Abb. 1: Mykene; Gräberrund (Steinkreis) A innerhalb der Befestigung

Insgesamt gesehen, ist die Entwicklung bis zum frühen 14. Jahrhundert durch die Herausbildung mehrerer Herrschaftszentren von unterschiedlicher Bedeutung gekennzeichnet. Die eigentliche «Palastzeit» beginnt freilich erst nach dem Niedergang der minoischen Systeme auf Kreta. Dort zeichnete sich nach erneuten Naturkatastrophen, die vermutlich ebenfalls durch Erdbeben bedingt waren, um 1450 eine Wende ab.
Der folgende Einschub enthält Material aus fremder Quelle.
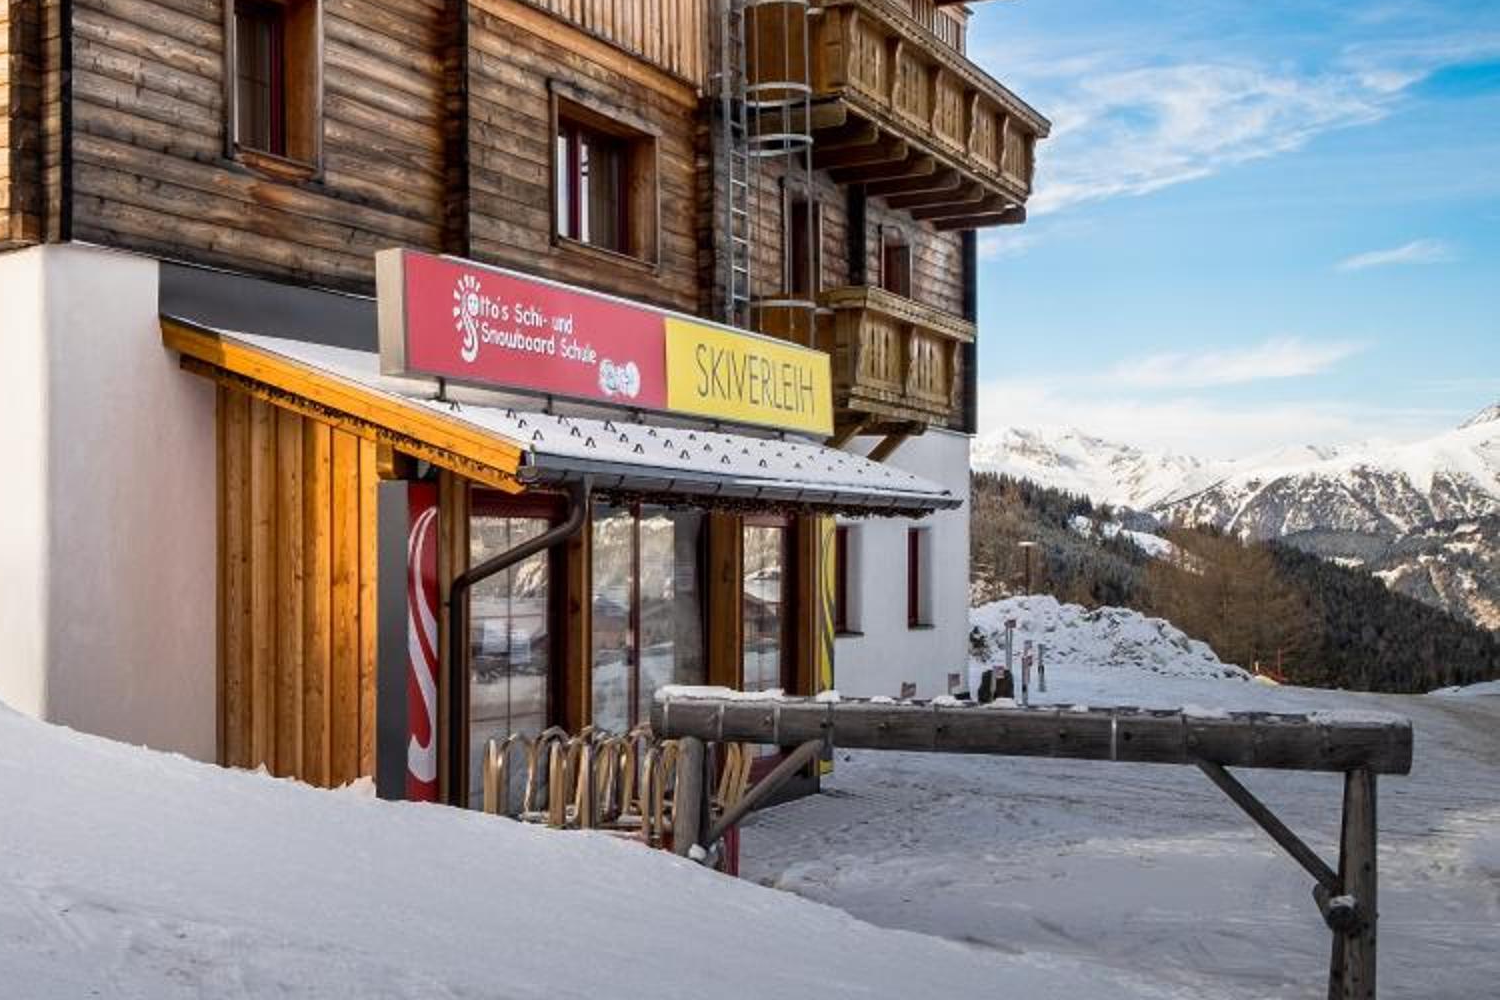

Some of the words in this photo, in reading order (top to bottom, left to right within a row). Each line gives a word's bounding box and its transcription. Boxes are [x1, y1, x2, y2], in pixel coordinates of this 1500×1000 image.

[515, 303, 548, 328] Schi-
[552, 313, 574, 335] und
[481, 321, 556, 355] Snowboard
[560, 337, 597, 363] Schule
[695, 342, 816, 417] SKIVERLEIH
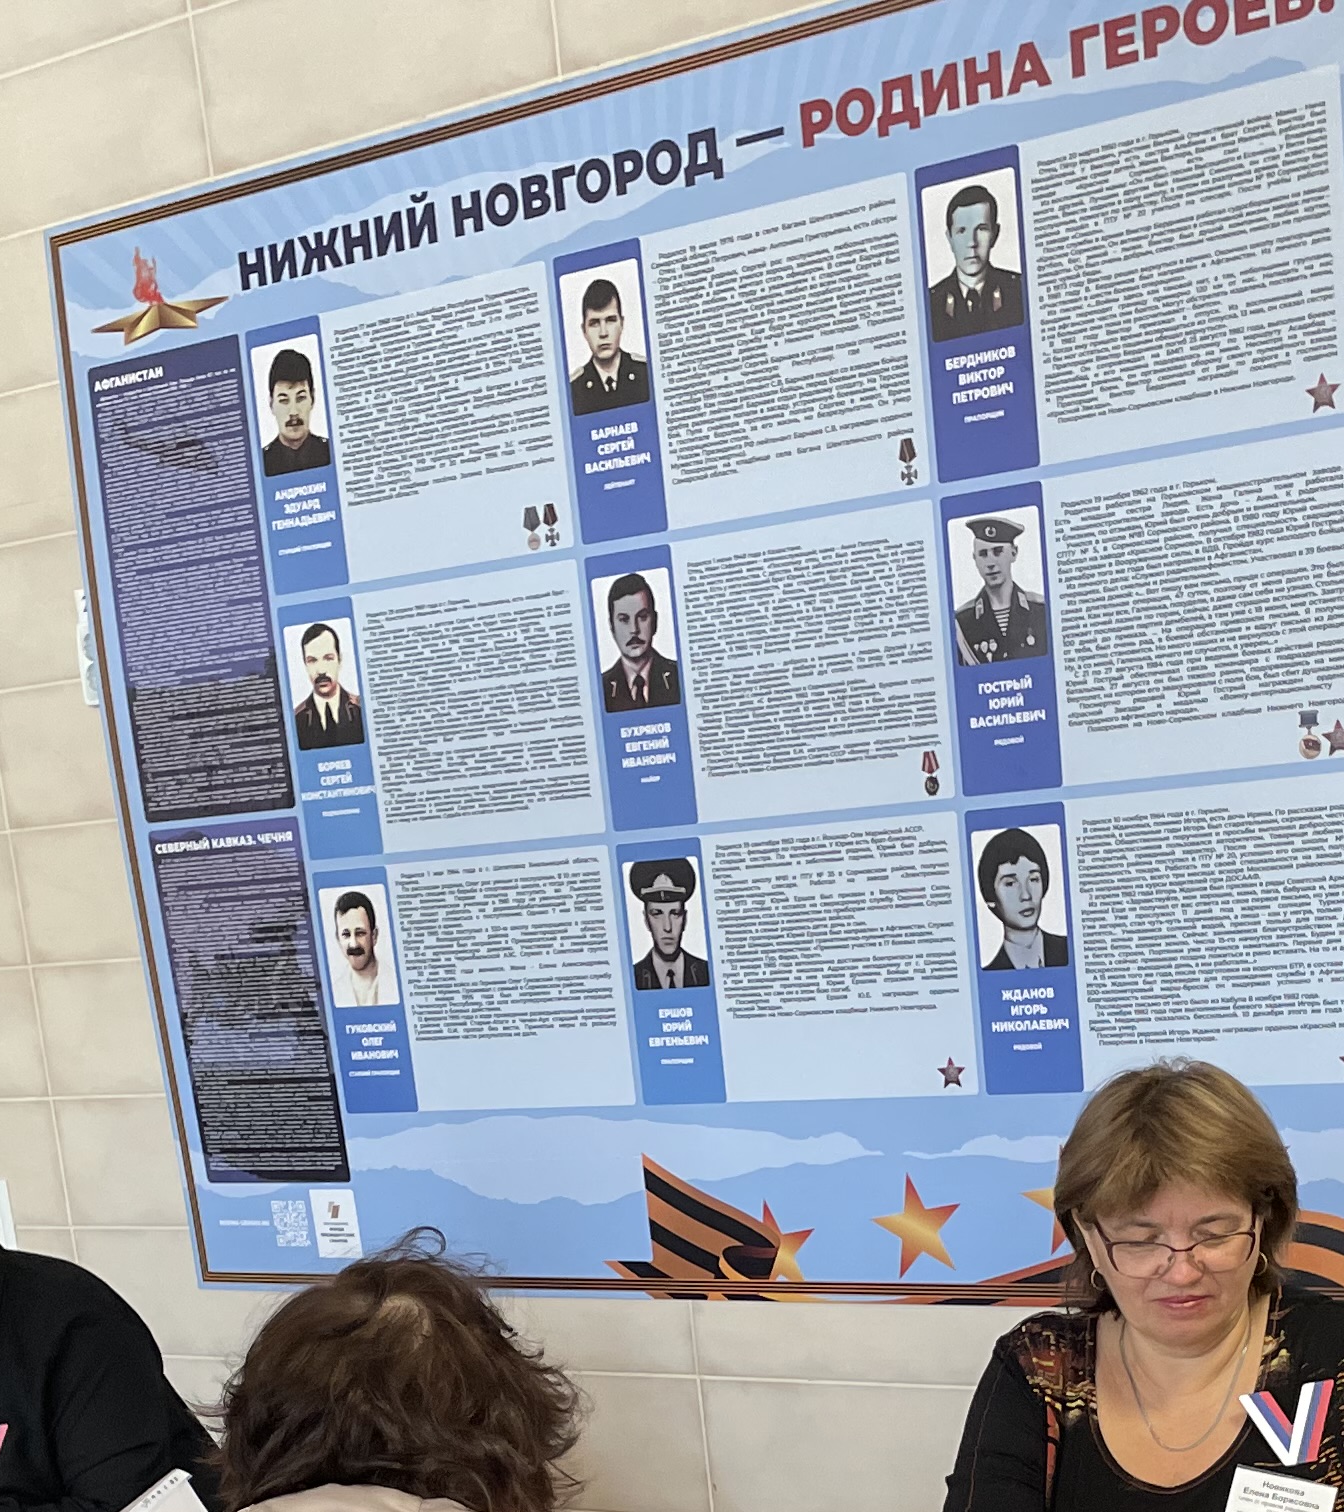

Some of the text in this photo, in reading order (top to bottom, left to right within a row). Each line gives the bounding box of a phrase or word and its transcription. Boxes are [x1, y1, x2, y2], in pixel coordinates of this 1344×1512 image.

[238, 191, 438, 291] НИЖНИЙ
[451, 127, 725, 238] НОВГОРОД
[799, 41, 1052, 149] РОДИНА
[945, 345, 1016, 371] БЕРДНИКОВ
[94, 366, 164, 392] АФГАНИСТАН
[958, 366, 1005, 386] ВИКТОР
[952, 381, 1014, 404] ПЕТРОВИЧ
[591, 421, 639, 441] БАРНАЕВ
[597, 436, 635, 455] СЕРГЕЙ
[585, 451, 651, 474] ВАСИЛЬЕВИЧ
[284, 498, 321, 514] ЭДУАРД
[272, 510, 336, 531] ГЕННАДЬЕВИЧ
[978, 674, 1032, 695] ГОСТРЫЙ
[989, 692, 1024, 710] ЮРИЙ
[970, 709, 1046, 729] ВАСИЛЬЕВИЧ
[625, 735, 670, 752] ЕВГЕНИЙ
[621, 752, 676, 768] ИВАНОВИЧ
[320, 771, 353, 786] СЕРГЕЙ
[155, 831, 293, 854] СЕВЕРНЫЙ КАВКАЗ. ЧЕЧНЯ
[1001, 987, 1055, 1002] ЖДАНОВ
[658, 1007, 693, 1019] ЕРШОВ
[1011, 1003, 1048, 1016] ИГОРЬ
[662, 1019, 692, 1032] ЮРИЙ
[991, 1018, 1069, 1032] НИКОЛАЕВИЧ
[361, 1037, 384, 1047] ОЛЕГ
[649, 1035, 709, 1047] ЕВГЕНЬЕВИЧ
[351, 1049, 399, 1060] ИВАНОВИЧ
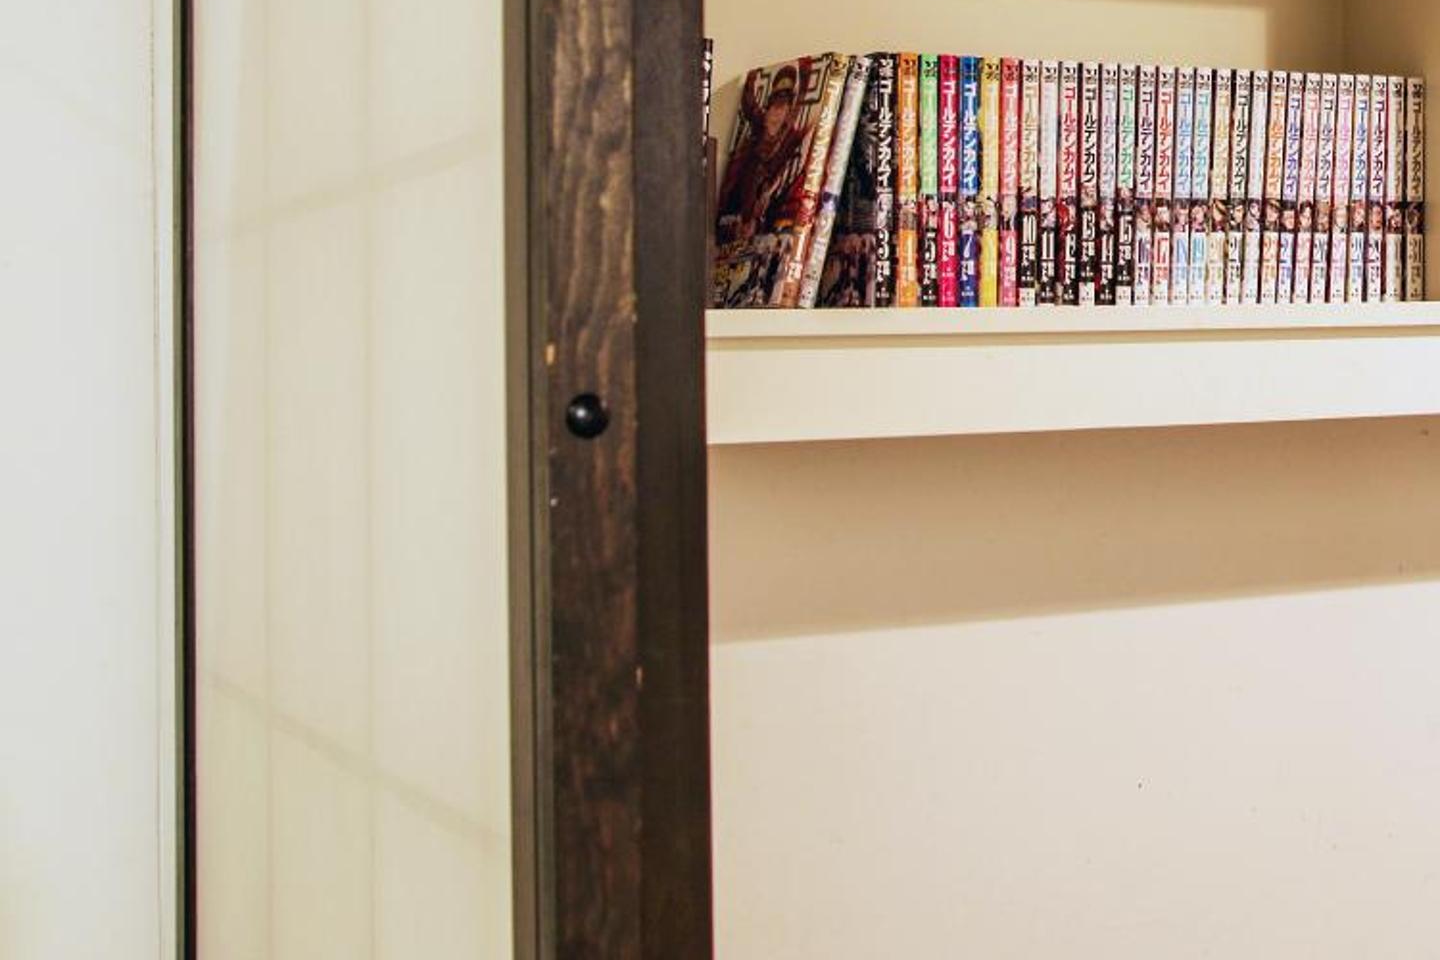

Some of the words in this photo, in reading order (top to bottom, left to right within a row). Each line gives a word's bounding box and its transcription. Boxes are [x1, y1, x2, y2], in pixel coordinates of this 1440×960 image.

[878, 78, 893, 188] ゴールデンカムイ
[940, 80, 956, 189] ゴールデンカムイ
[963, 81, 978, 192] ゴールデンカムイ
[1064, 87, 1077, 189] ゴールデンカムイ
[1140, 90, 1154, 191] ゴールデンカムイ
[1159, 91, 1174, 191] ゴールデンカムイ
[1178, 92, 1193, 191] ゴールデンカムイ
[1196, 92, 1211, 191] ゴールデンカムイ
[1234, 95, 1250, 191] ゴールデンカムイ
[1286, 97, 1301, 193] ゴールデンカムイ
[1354, 100, 1368, 193] ゴールデンカムイ
[1371, 100, 1386, 194] ゴールデンカムイ
Vielfach wurde als Ursache der Zerstörungen auch ein verheerender Vulkanausbruch auf der Insel Thera (Santorin) angenommen, dessen Datierung und Folgen aber in der neueren Forschung umstritten sind. Die geflutete Caldera des dortigen Vulkans entstand schon in vorminoischer Zeit, während die Fernwirkungen des Ausbruchs in einer frühen Phase der spätminoischen Zeit (um 1640 oder zwischen 1627 und 1600?) schwer zu beurteilen sind, wenn auch ein Siedlungsabbruch in Santorin nicht zu bestreiten ist. Jedenfalls wurden um 1450 auf Kreta mehrere bedeutende Paläste und Orte wie Mallia, Tylissos, Phaistos und Hagia Triada sowie Wohnviertel in Knossos zerstört. Der Palast von Knossos blieb aber offenbar weitgehend unversehrt. Die Folge war eine Hegemonie der dortigen Dynastie über weite Teile Kretas. Um 1375 ging aber die Herrschaft in Knossos allem Anschein nach auf neue Machthaber aus dem mykenischen Griechenland über. Sie führten das dort bestehende Wirtschafts- und Verwaltungssystem weiter, dessen Schrift nach dem Duktus ihrer Zeichen seit A. J. Evans, dem Ausgräber von Knossos, als Linear A bezeichnet wird und die für uns noch nicht verständliche Sprache der Minoer wiedergibt. Aus dieser Schrift, die in Kreta an über 25 Fundorten belegt ist, wurde nach dem Machtwechsel in Knossos für die Bedürfnisse der neuen Herrscher die Linear-B-Schrift entwickelt, die in der Folgezeit auch von Palastverwaltungen auf dem griechischen Festland übernommen wurde.

Zum Verständnis der Bedeutung der mykenischen Zeit als wichtige Vorstufe der Formierung des historischen Griechentums ist es freilich erforderlich, den Blick auszuweiten auf ein mögliches Gesamtbild des Späthelladikums, das keineswegs nur durch Paläste ...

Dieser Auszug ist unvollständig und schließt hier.